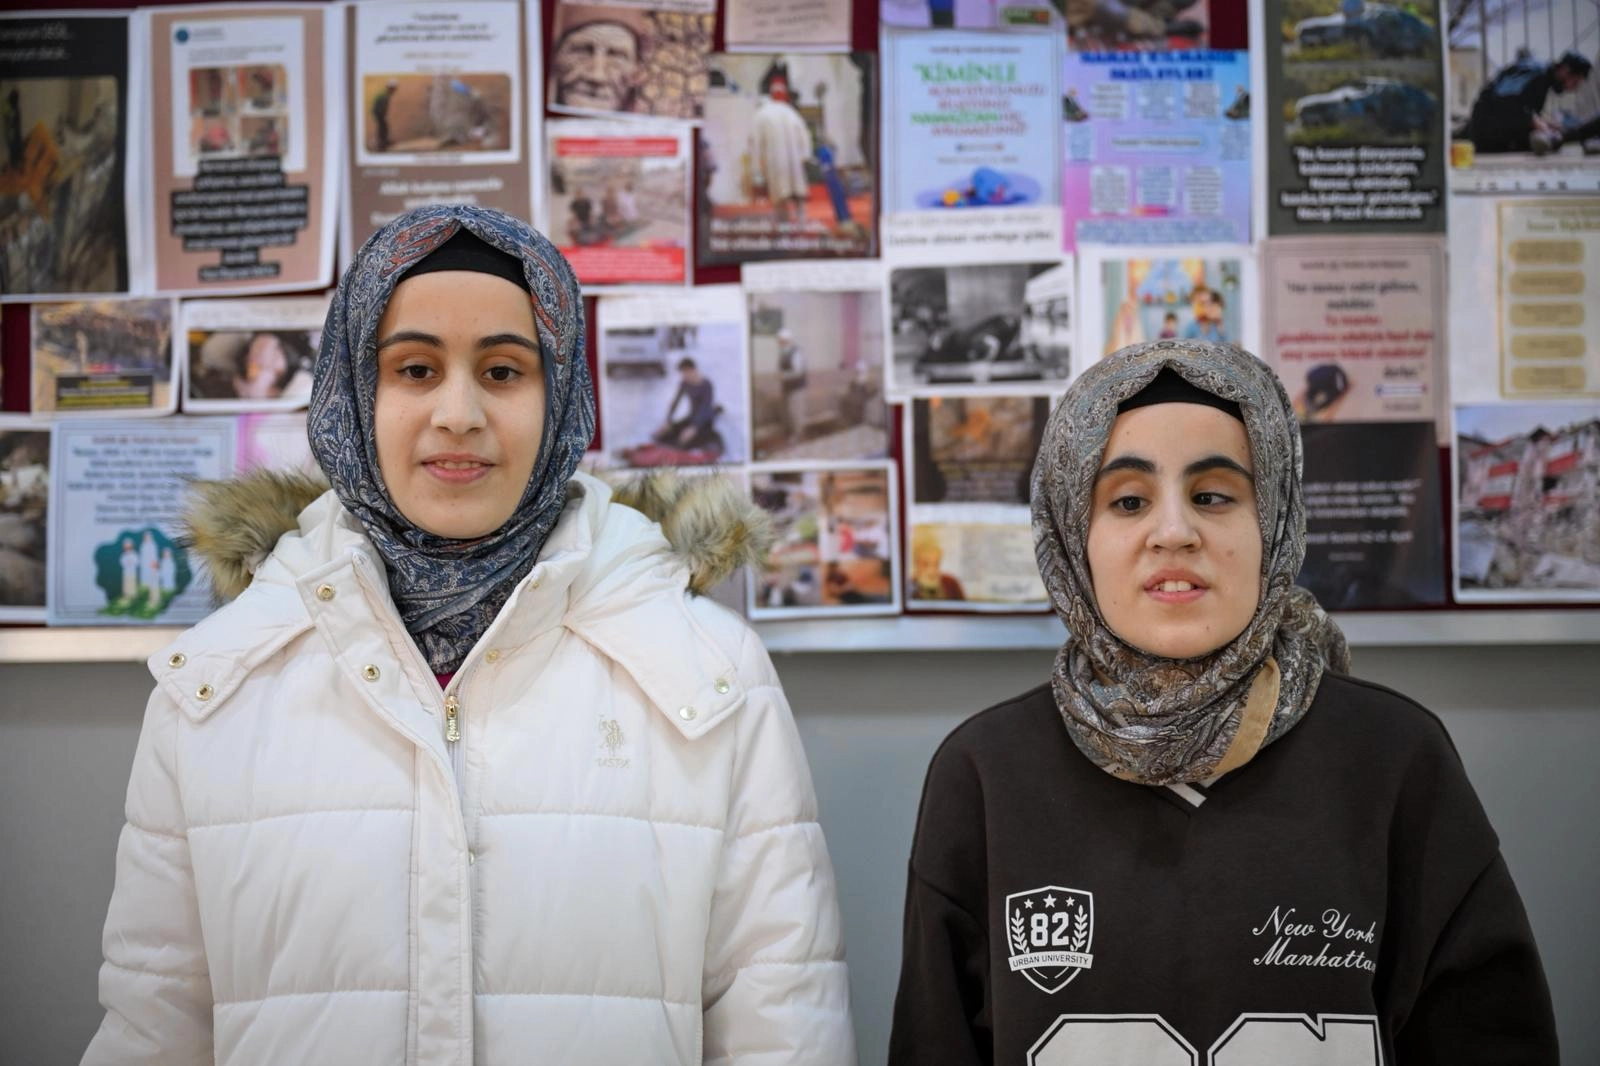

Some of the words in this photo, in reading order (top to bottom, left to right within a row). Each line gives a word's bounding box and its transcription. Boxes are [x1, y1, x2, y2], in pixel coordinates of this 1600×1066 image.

[1030, 911, 1070, 947] 82
[1252, 905, 1316, 936] New
[1321, 908, 1377, 944] York
[1012, 955, 1040, 968] URBAN
[1041, 954, 1089, 966] UNIVERSITY
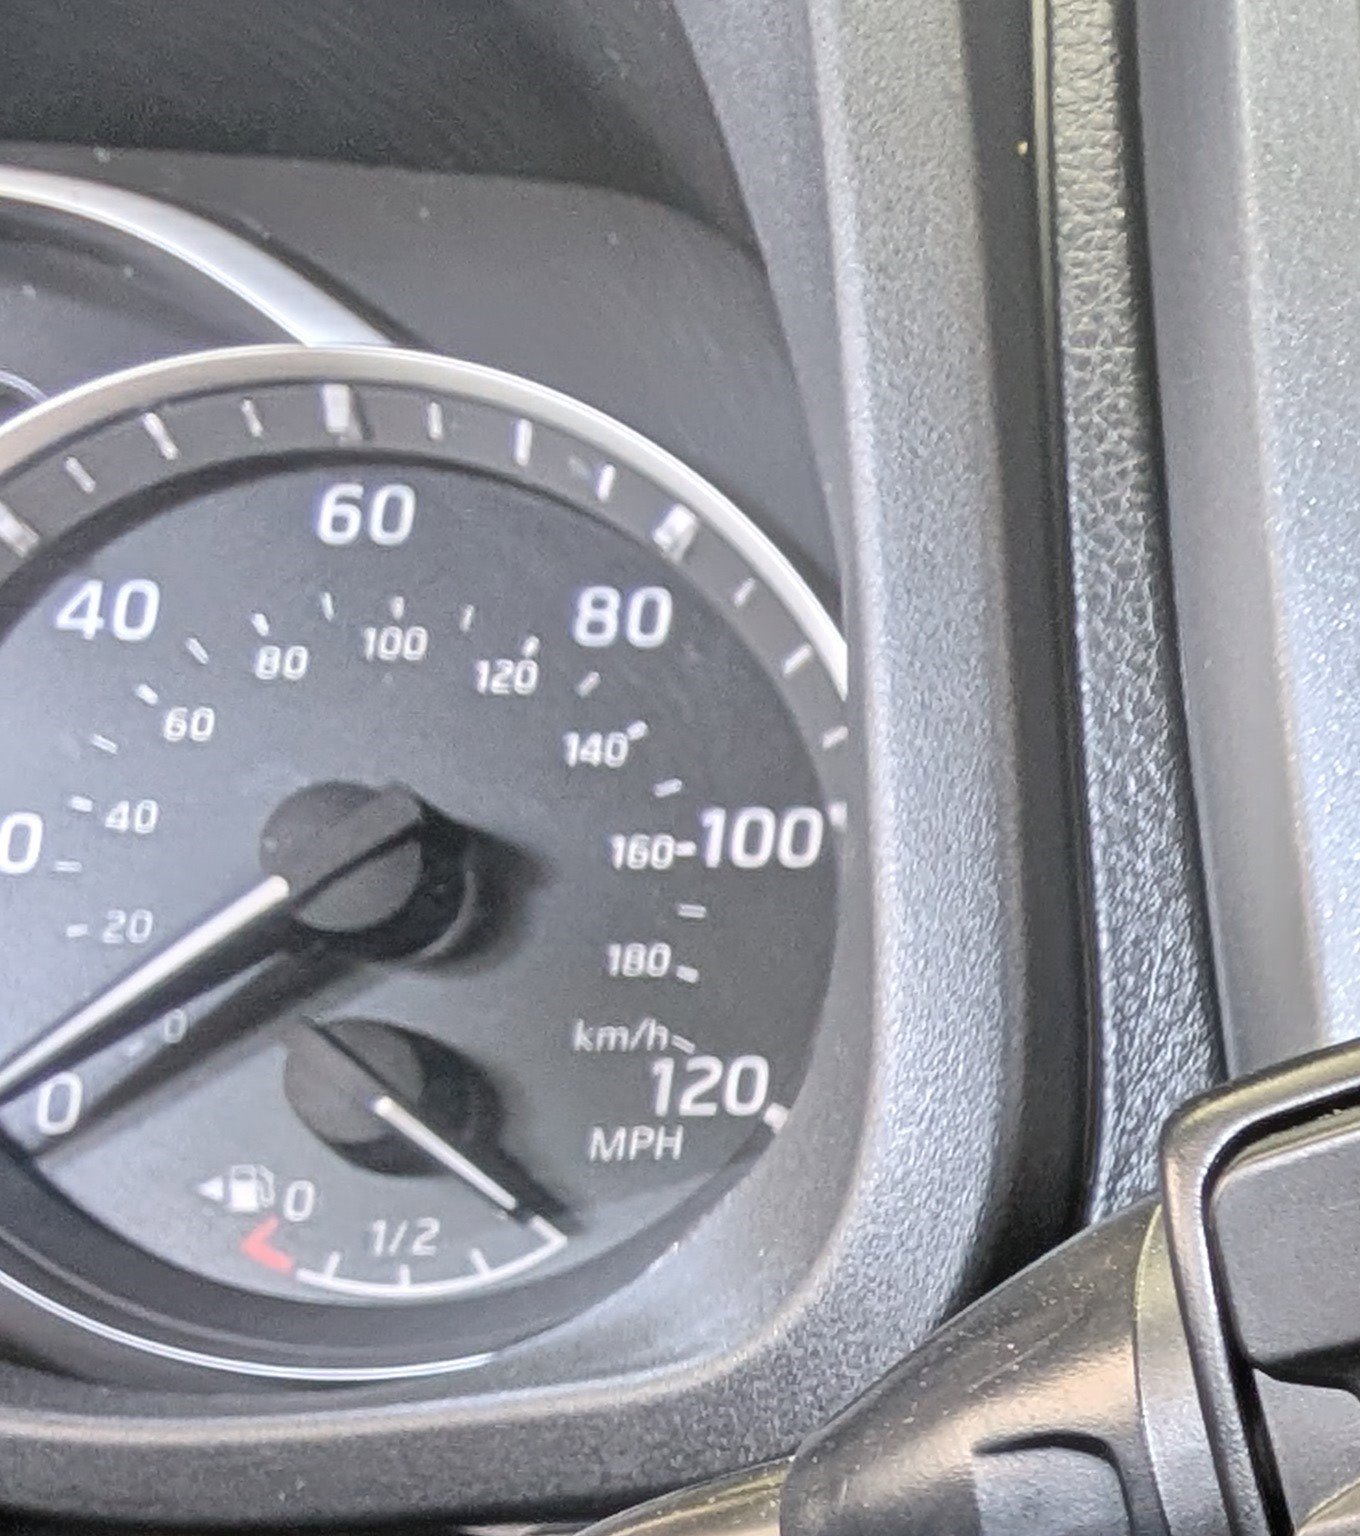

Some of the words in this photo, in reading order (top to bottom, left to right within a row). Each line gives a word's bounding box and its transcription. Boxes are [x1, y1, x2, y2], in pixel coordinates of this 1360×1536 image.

[317, 484, 415, 546] 60
[55, 579, 160, 640] 40
[572, 586, 672, 648] 80
[364, 626, 427, 660] 100
[255, 645, 309, 681] 80
[475, 660, 538, 695] 120
[162, 706, 215, 742] 60
[564, 734, 628, 767] 140
[104, 800, 158, 834] 40
[611, 834, 673, 869] 160
[700, 808, 823, 868] 100
[103, 910, 153, 944] 20
[573, 1018, 669, 1054] km/h
[36, 1071, 84, 1136] 0
[651, 1056, 770, 1117] 120
[589, 1126, 683, 1161] MPH
[282, 1179, 315, 1222] 0
[368, 1217, 441, 1254] 1/2
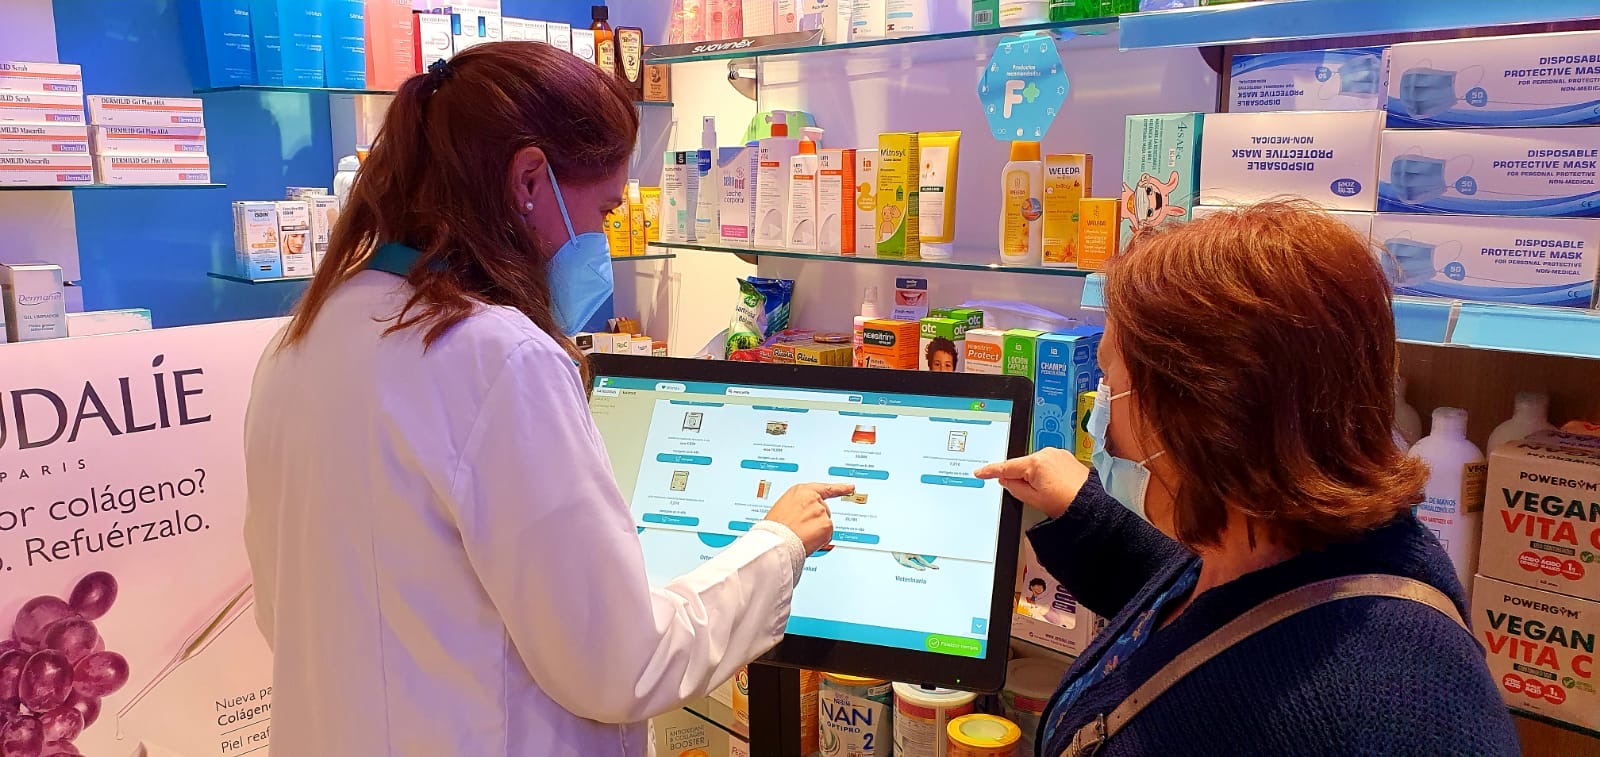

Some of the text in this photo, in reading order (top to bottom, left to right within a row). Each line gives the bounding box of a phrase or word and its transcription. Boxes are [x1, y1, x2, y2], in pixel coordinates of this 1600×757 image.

[1504, 67, 1571, 77] PROTECTIVE
[101, 97, 131, 105] DERMILID
[1237, 99, 1281, 107] DISPOSABLE
[1251, 136, 1314, 144] NON-MEDICAL
[881, 148, 906, 157] Mitosyl
[1232, 149, 1333, 159] PROTECTIVE MASK
[1528, 149, 1598, 157] DISPOSABLE
[1247, 161, 1314, 171] DISPOSABLE
[1493, 160, 1597, 169] PROTECTIVE MASK
[1048, 167, 1080, 175] WELEDA
[1515, 239, 1584, 249] DISPOSABLE
[1481, 248, 1583, 260] PROTECTIVE MASK
[968, 315, 981, 326] otc
[921, 323, 937, 334] otc
[954, 325, 967, 336] otc
[774, 348, 794, 359] Ricola
[968, 349, 999, 361] Protect
[1051, 347, 1058, 355] ia
[797, 353, 818, 363] Ricola
[1041, 361, 1067, 371] CHAMPÚ
[1519, 471, 1597, 491] POWERGYM
[49, 468, 206, 522] colágeno?
[1437, 498, 1457, 506] MANOS
[1500, 509, 1579, 546] VITA
[26, 510, 210, 567] Refuérzalo.
[895, 575, 927, 584] Veterinaria
[1503, 594, 1578, 619] POWERGYM
[1486, 608, 1595, 653] VEGAN
[1485, 631, 1560, 671] VITA
[1571, 654, 1593, 679] C
[215, 692, 256, 712] Nueva
[822, 697, 872, 726] NAN
[827, 721, 860, 734] OPTIPRO
[221, 735, 243, 754] Piel
[671, 737, 705, 750] BOOSTER
[863, 733, 874, 750] 2
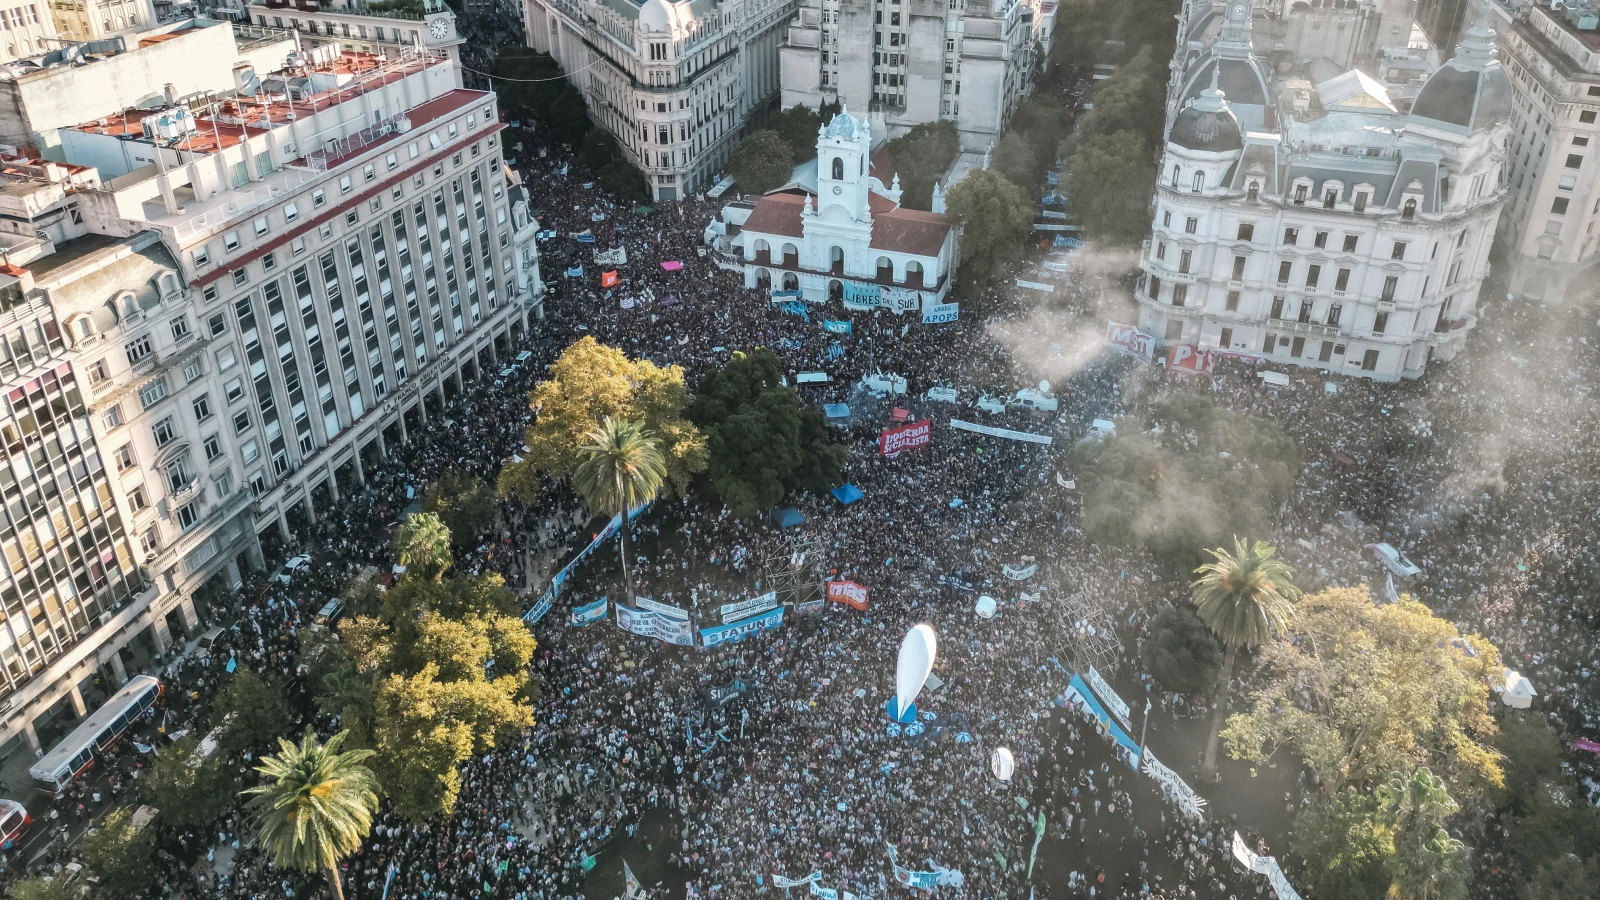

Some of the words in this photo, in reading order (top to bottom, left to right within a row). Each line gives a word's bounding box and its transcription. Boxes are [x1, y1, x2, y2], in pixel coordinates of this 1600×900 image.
---+---
# ACTIVITY
All text in the material above must be written out exactly; the images are to be skipped.

# FINISHED TASK
Some of the words in this photo, in reading order (top to bottom, left to right within a row). Each line gives a word's bounding box and its transcription. Boxes are [x1, y1, x2, y2], in pixel coordinates of this 1600×1066 image.

[1030, 911, 1070, 947] 82
[1252, 905, 1316, 936] New
[1321, 908, 1377, 944] York
[1012, 955, 1040, 968] URBAN
[1041, 954, 1089, 966] UNIVERSITY

Some of the words in this photo, in reading order (top to bottom, left to right within a row). Each line gives a word's bounding box and its transcription. Boxes are [x1, y1, x2, y2], in pixel coordinates of this 1360×1536 image.

[317, 484, 415, 546] 60
[55, 579, 160, 640] 40
[572, 586, 672, 648] 80
[364, 626, 427, 660] 100
[255, 645, 309, 681] 80
[475, 660, 538, 695] 120
[162, 706, 215, 742] 60
[564, 734, 628, 767] 140
[104, 800, 158, 834] 40
[611, 834, 673, 869] 160
[700, 808, 823, 868] 100
[103, 910, 153, 944] 20
[573, 1018, 669, 1054] km/h
[36, 1071, 84, 1136] 0
[651, 1056, 770, 1117] 120
[589, 1126, 683, 1161] MPH
[282, 1179, 315, 1222] 0
[368, 1217, 441, 1254] 1/2

Some of the text in this photo, in reading order (top to bottom, left to right within a row). Each line gives the bounding box of a phrase or word and its transcription. Boxes are [x1, y1, x2, y2], in pixel coordinates of this 1600×757 image.

[1504, 67, 1571, 77] PROTECTIVE
[101, 97, 131, 105] DERMILID
[1237, 99, 1281, 107] DISPOSABLE
[1251, 136, 1314, 144] NON-MEDICAL
[881, 148, 906, 157] Mitosyl
[1232, 149, 1333, 159] PROTECTIVE MASK
[1528, 149, 1598, 157] DISPOSABLE
[1247, 161, 1314, 171] DISPOSABLE
[1493, 160, 1597, 169] PROTECTIVE MASK
[1048, 167, 1080, 175] WELEDA
[1515, 239, 1584, 249] DISPOSABLE
[1481, 248, 1583, 260] PROTECTIVE MASK
[968, 315, 981, 326] otc
[921, 323, 937, 334] otc
[954, 325, 967, 336] otc
[774, 348, 794, 359] Ricola
[968, 349, 999, 361] Protect
[1051, 347, 1058, 355] ia
[797, 353, 818, 363] Ricola
[1041, 361, 1067, 371] CHAMPÚ
[1519, 471, 1597, 491] POWERGYM
[49, 468, 206, 522] colágeno?
[1437, 498, 1457, 506] MANOS
[1500, 509, 1579, 546] VITA
[26, 510, 210, 567] Refuérzalo.
[895, 575, 927, 584] Veterinaria
[1503, 594, 1578, 619] POWERGYM
[1486, 608, 1595, 653] VEGAN
[1485, 631, 1560, 671] VITA
[1571, 654, 1593, 679] C
[215, 692, 256, 712] Nueva
[822, 697, 872, 726] NAN
[827, 721, 860, 734] OPTIPRO
[221, 735, 243, 754] Piel
[671, 737, 705, 750] BOOSTER
[863, 733, 874, 750] 2

Some of the words in this photo, in reading order (top to bottom, left to right within a row). Each line gives a word's bounding box and its transcription. Boxes are [x1, y1, x2, y2], in pixel coordinates of this 1600×900 image.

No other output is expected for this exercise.